Il 16 giugno scorso quarantasette esperti indipendenti delle Nazioni Unite hanno sottoscritto un appello che richiama la comunità internazionale ad assumersi le proprie responsabilità “legali e politiche” per bloccare il piano di annessione di vasti territori della Cisgiordania avanzato dalla coalizione di governo alla guida di Israele. L’accordo, condiviso dal primo ministro Benjamin Netanyahu e dal suo “alter ego” Benny Gantz (i due infatti si scambieranno la carica a metà mandato), prevede dal primo luglio 2020 l’estensione della sovranità di Israele su gran parte della Valle del Giordano e sugli oltre 235 insediamenti formalmente illegali israeliani nella West Bank. Si tratta di una profonda contraddizione dei principi che stanno alla base del diritto internazionale.
Secondo i firmatari, infatti, l’annessione dei Territori palestinesi occupati rappresenterebbe una seria violazione non solo della Carta delle Nazioni Unite e della Convenzione di Ginevra, ma sarebbe anche contraria a una regola fondamentale ribadita più volte dal Consiglio di sicurezza e dall’Assemblea generale dell’Onu: l’acquisizione di territori con la forza è inammissibile, per questo la comunità internazionale ha proibito le annessioni, perché esse portano “guerra, devastazione economica, instabilità politica, violazione sistematica dei diritti umani, sofferenza per le persone”, ricordano gli esperti Onu.
Il nuovo piano si colloca in un un contesto dove l’occupazione che Israele porta avanti da oltre 50 anni rappresenta già un profondo pregiudizio per i diritti dei palestinesi.

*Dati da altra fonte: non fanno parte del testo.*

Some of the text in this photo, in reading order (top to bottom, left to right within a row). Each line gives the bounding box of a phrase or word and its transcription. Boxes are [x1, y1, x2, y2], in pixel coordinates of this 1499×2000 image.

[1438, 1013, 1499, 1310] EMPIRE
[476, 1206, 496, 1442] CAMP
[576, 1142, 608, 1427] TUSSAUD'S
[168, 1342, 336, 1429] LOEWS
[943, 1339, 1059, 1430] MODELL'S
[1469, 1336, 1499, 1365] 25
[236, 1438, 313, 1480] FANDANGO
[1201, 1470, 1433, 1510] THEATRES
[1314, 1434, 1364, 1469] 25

L’elenco delle Nazioni Unite fa riflettere: “Confisca di terre, violenze da parte dei coloni, demolizione delle case, trasferimenti forzati della popolazione, uso eccessivo della forza, tortura, sfruttamento lavorativo, ampie violazioni del diritto alla privacy, restrizioni ai media e alla libertà di espressione -che in particolare colpisce giornalisti e attiviste donne-, detenzione di minori, avvelenamento per esposizione a rifiuti tossici, sfratti sforzati, privazioni economiche, povertà estrema, detenzioni arbitrarie, mancanza di libertà di movimento, insicurezza alimentare, leggi discriminatorie e imposizione di un sistema che discrimina nell’applicazione dei diritti politici, legali, sociali, culturali ed economici sulla base dell’etnia e della nazionalità”. Non vengono risparmiati nemmeno i difensori dei diritti umani -palestinesi e israeliani- che vengono sistematicamente “calunniati, criminalizzati o etichettati come terroristi”, per il solo fatto di segnalare pacificamente all’attenzione pubblica queste violazioni.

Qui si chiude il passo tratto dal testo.